Down, But Not Out! and No Excuses both feature-length documentaries (shot simultaneously during the summer of 2014) are a personal approach to the world of feminine sport. Down, But Not Out! follows four amateur women boxers as they step into the ring for the first time and No Excuses captures imagery in a Crossfit atmosphere set to a diversified selection of commentators on gender equality. Both films were expected to be available in selected cinemas and VOD outlets starting the spring of 2015.

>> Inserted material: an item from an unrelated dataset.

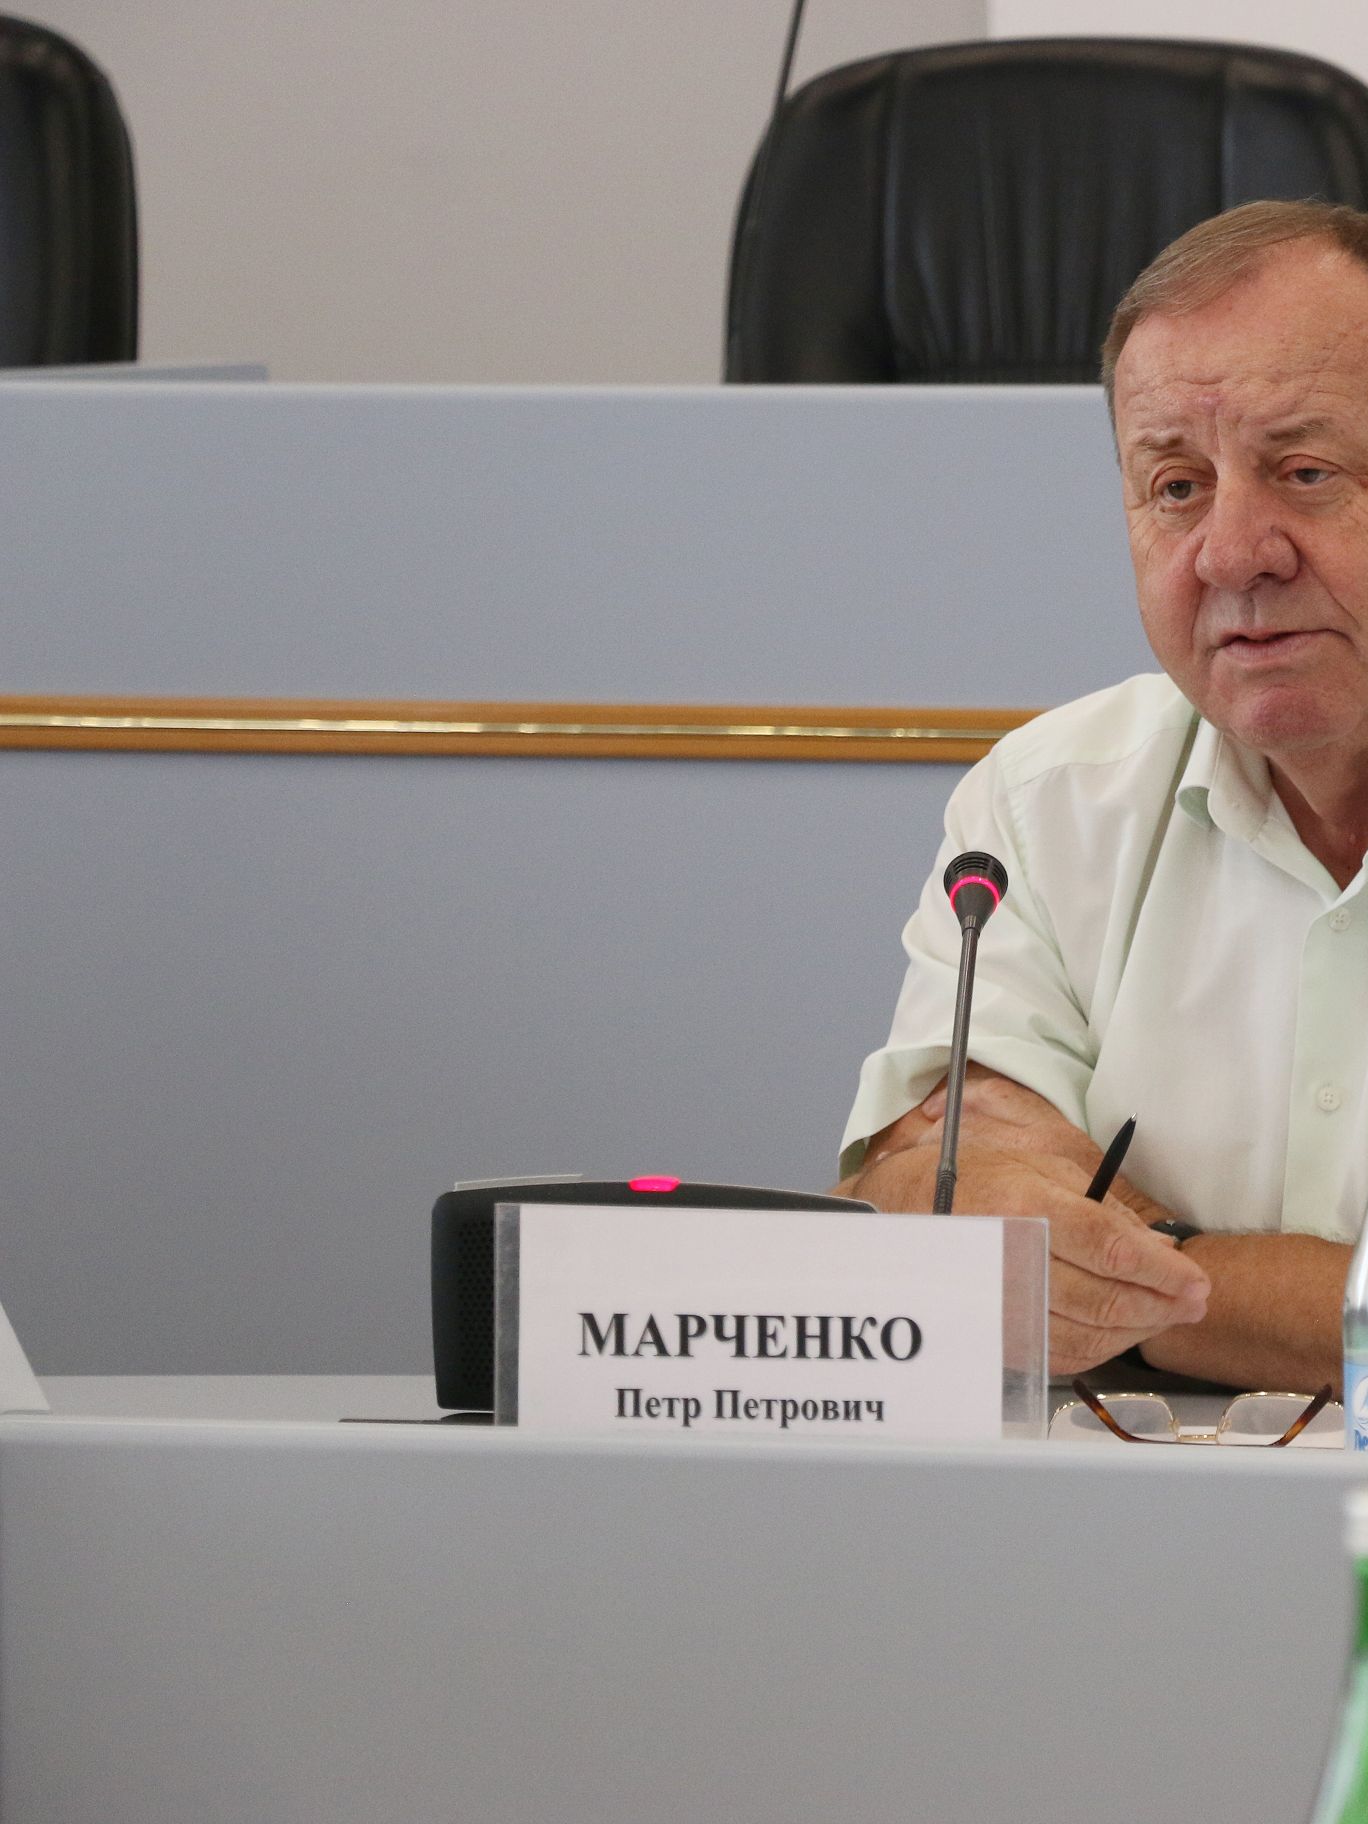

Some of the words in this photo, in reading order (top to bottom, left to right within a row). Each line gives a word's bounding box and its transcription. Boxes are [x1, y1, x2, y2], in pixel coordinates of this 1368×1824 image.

[578, 1312, 922, 1361] МАРЧЕНКО
[615, 1388, 702, 1427] Петр
[713, 1389, 885, 1428] Петрович

In 2017, Gaudencio produced and directed the memoir of life as it is and of women as they are Tattoo Girls. The documentary is a female centric-film showcasing about a group of ordinary women (within a range of ages), and their different styles of daily life, showcasing their stories and the impact they have on society as real, everyday women. We are living in an era of the importance and empowerment of women throughout the world, and this documentary aims to convey ideas and topics to be felt, absorbed and discussed. The film made an excellent run on film festivals through the world, and was nominated best documentary feature by Utah Film Awards. Aside of the excellent run on worldwide film festivals Tattoo Girls was instant hit on US streaming channels gathering over 2 million views during the April 2018.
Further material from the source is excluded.